[Extracted records]
•••••

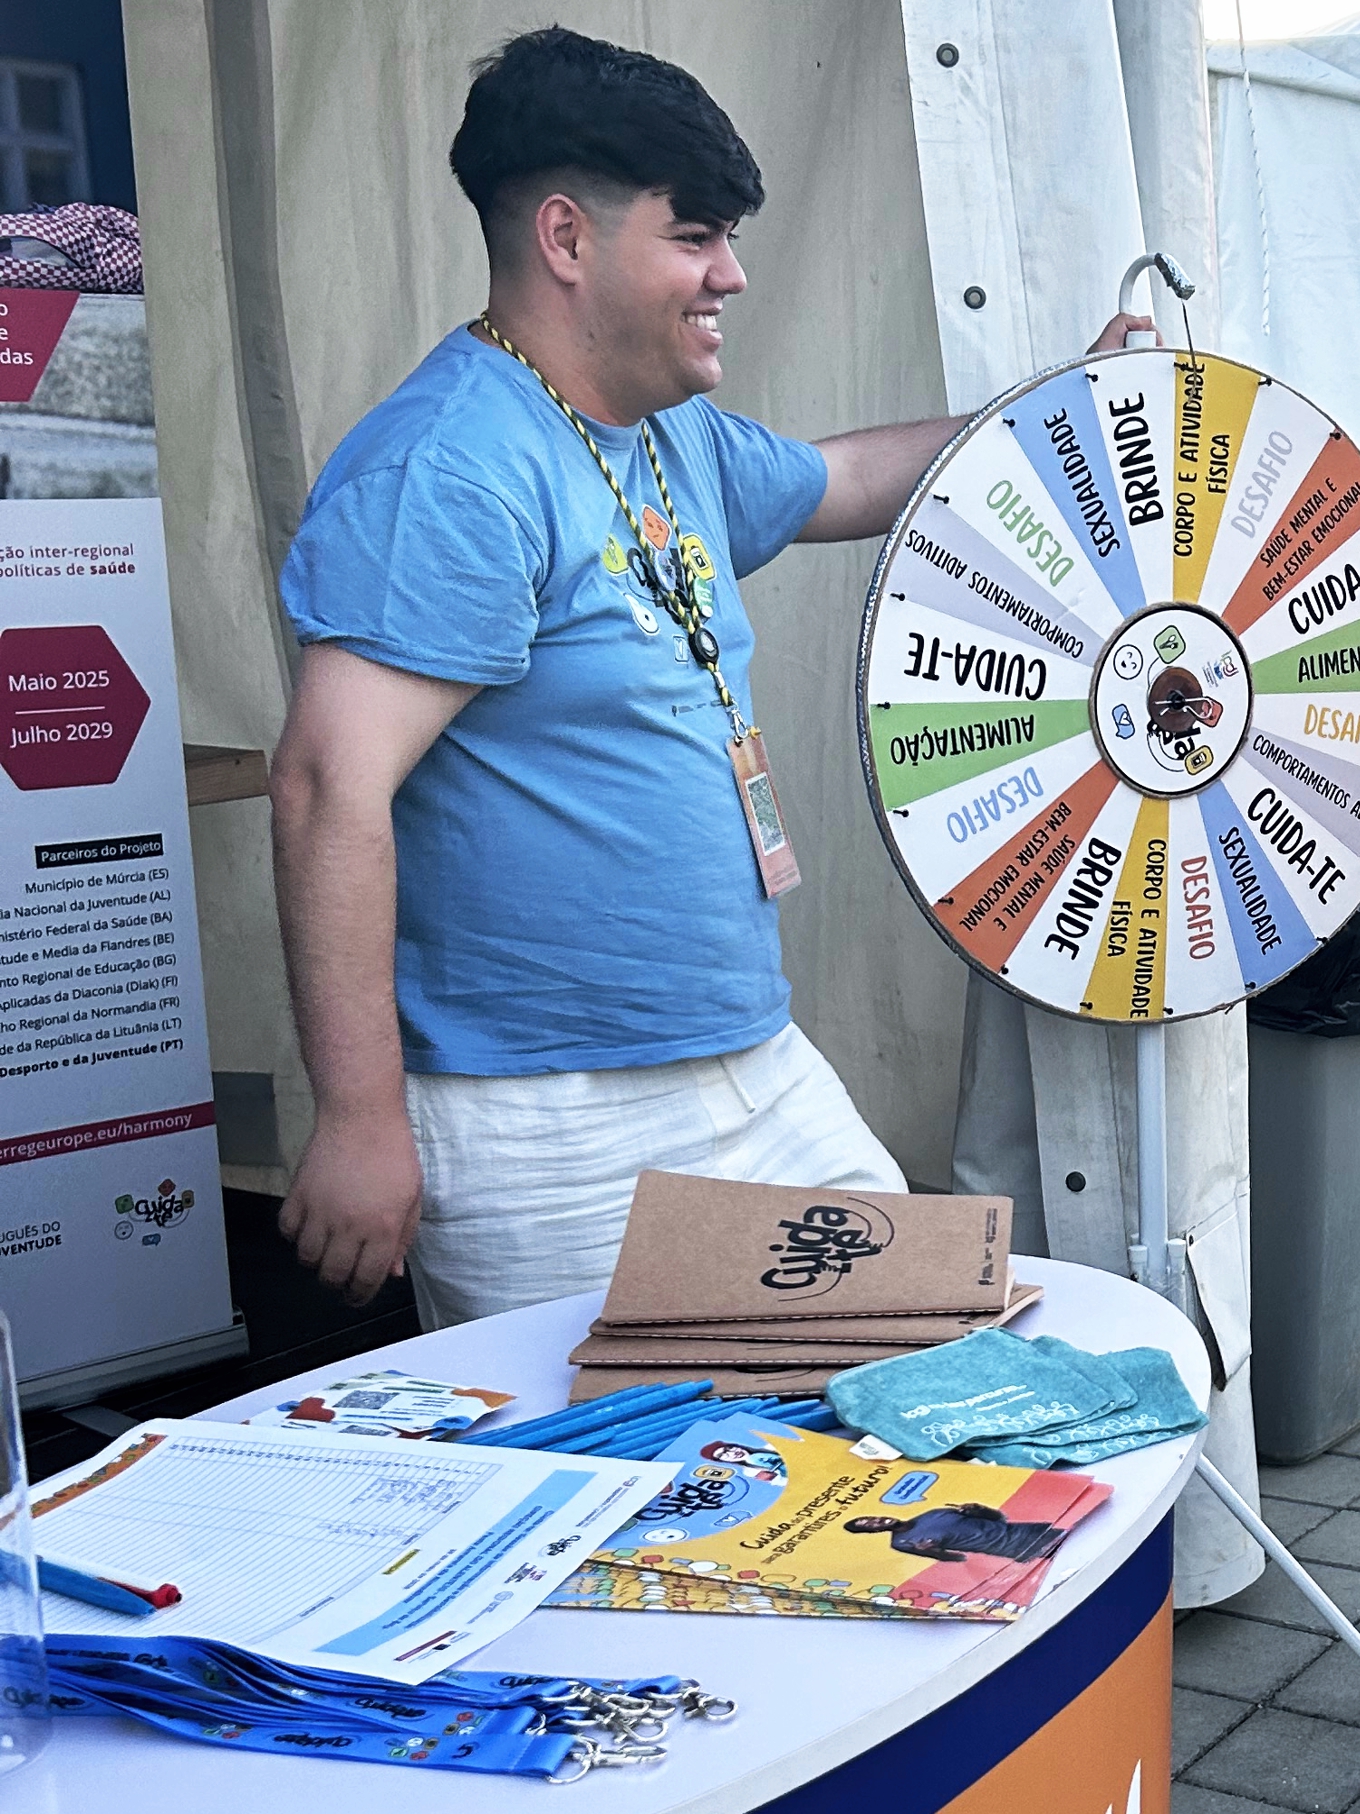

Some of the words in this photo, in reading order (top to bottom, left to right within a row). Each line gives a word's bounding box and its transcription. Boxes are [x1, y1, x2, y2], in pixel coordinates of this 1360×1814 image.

[1179, 362, 1205, 463] ATIVIDADE
[1043, 407, 1121, 558] SEXUALIDADE
[1109, 392, 1165, 527] BRINDE
[1178, 471, 1197, 483] E
[1207, 433, 1230, 494] FÍSICA
[1230, 430, 1294, 539] DESAFIO
[30, 543, 134, 561] inter-regional
[986, 479, 1076, 588] DESAFIO
[1173, 491, 1196, 557] CORPO
[1259, 529, 1293, 568] SAÚDE
[1288, 489, 1329, 535] MENTAL
[1325, 477, 1338, 493] E
[66, 563, 85, 576] de
[90, 560, 136, 575] saúde
[904, 528, 968, 580] ADITIVOS
[1262, 540, 1315, 601] BEM-ESTAR
[967, 570, 1085, 659] COMPORTAMENTOS
[8, 673, 57, 692] Maio
[62, 670, 110, 690] 2025
[903, 632, 1047, 701] CUIDA-TE
[10, 725, 61, 748] Julho
[66, 721, 113, 741] 2029
[890, 714, 1035, 767] ALIMENTAÇÃO
[1252, 734, 1351, 809] COMPORTAMENTOS
[946, 766, 1044, 843] DESAFIO
[41, 848, 98, 862] Parceiros
[100, 845, 117, 856] do
[120, 841, 161, 856] Projeto
[1015, 801, 1073, 869] BEM-ESTAR
[1040, 834, 1076, 876] SAÚDE
[1247, 787, 1346, 906] CUIDA-TE
[25, 876, 84, 894] Município
[87, 876, 103, 887] de
[106, 871, 146, 885] Múrcia
[148, 868, 169, 882] (ES)
[958, 863, 1020, 932] EMOCIONAL
[1002, 872, 1045, 920] MENTAL
[1044, 837, 1123, 961] BRINDE
[1143, 838, 1167, 901] CORPO
[1218, 826, 1283, 956] SEXUALIDADE
[14, 902, 67, 918] Nacional
[70, 900, 85, 912] da
[86, 893, 147, 912] Juventude
[150, 889, 171, 903] (AL)
[46, 920, 91, 936] Federal
[93, 919, 109, 931] da
[111, 915, 148, 929] Saúde
[150, 911, 173, 925] (BA)
[993, 917, 1007, 932] E
[1106, 900, 1131, 958] FÍSICA
[1140, 908, 1160, 919] E
[1180, 855, 1216, 960] DESAFIO
[22, 966, 73, 986] Regional
[76, 965, 91, 977] de
[95, 959, 150, 975] Educação
[153, 953, 177, 968] (BG)
[31, 951, 39, 961] e
[43, 944, 79, 959] Media
[82, 941, 98, 953] da
[100, 936, 151, 952] Flandres
[153, 932, 175, 946] (BE)
[1129, 926, 1158, 1019] ATIVIDADE
[19, 1012, 70, 1031] Regional
[73, 1010, 88, 1022] da
[91, 1001, 157, 1019] Normandia
[159, 996, 180, 1011] (FR)
[54, 991, 69, 1003] da
[72, 981, 123, 999] Diaconia
[126, 979, 159, 995] (Diak)
[161, 975, 178, 989] (FI)
[0, 1061, 59, 1078] Desporto
[62, 1058, 70, 1067] e
[73, 1054, 89, 1066] da
[91, 1045, 158, 1065] Juventude
[160, 1038, 184, 1053] (PT)
[16, 1041, 32, 1052] da
[34, 1031, 93, 1050] República
[95, 1029, 110, 1041] da
[113, 1021, 159, 1038] Lituânia
[161, 1017, 182, 1032] (LT)
[42, 1221, 61, 1233] DO
[760, 1204, 851, 1290] Cuida
[739, 1520, 793, 1550] Cuida
[795, 1475, 856, 1518] presente

•••••

[Problem description]
What is the number of lines in the data that hold the word "FÍSICA"? Reply with that number and nothing else.

[Task answer]
2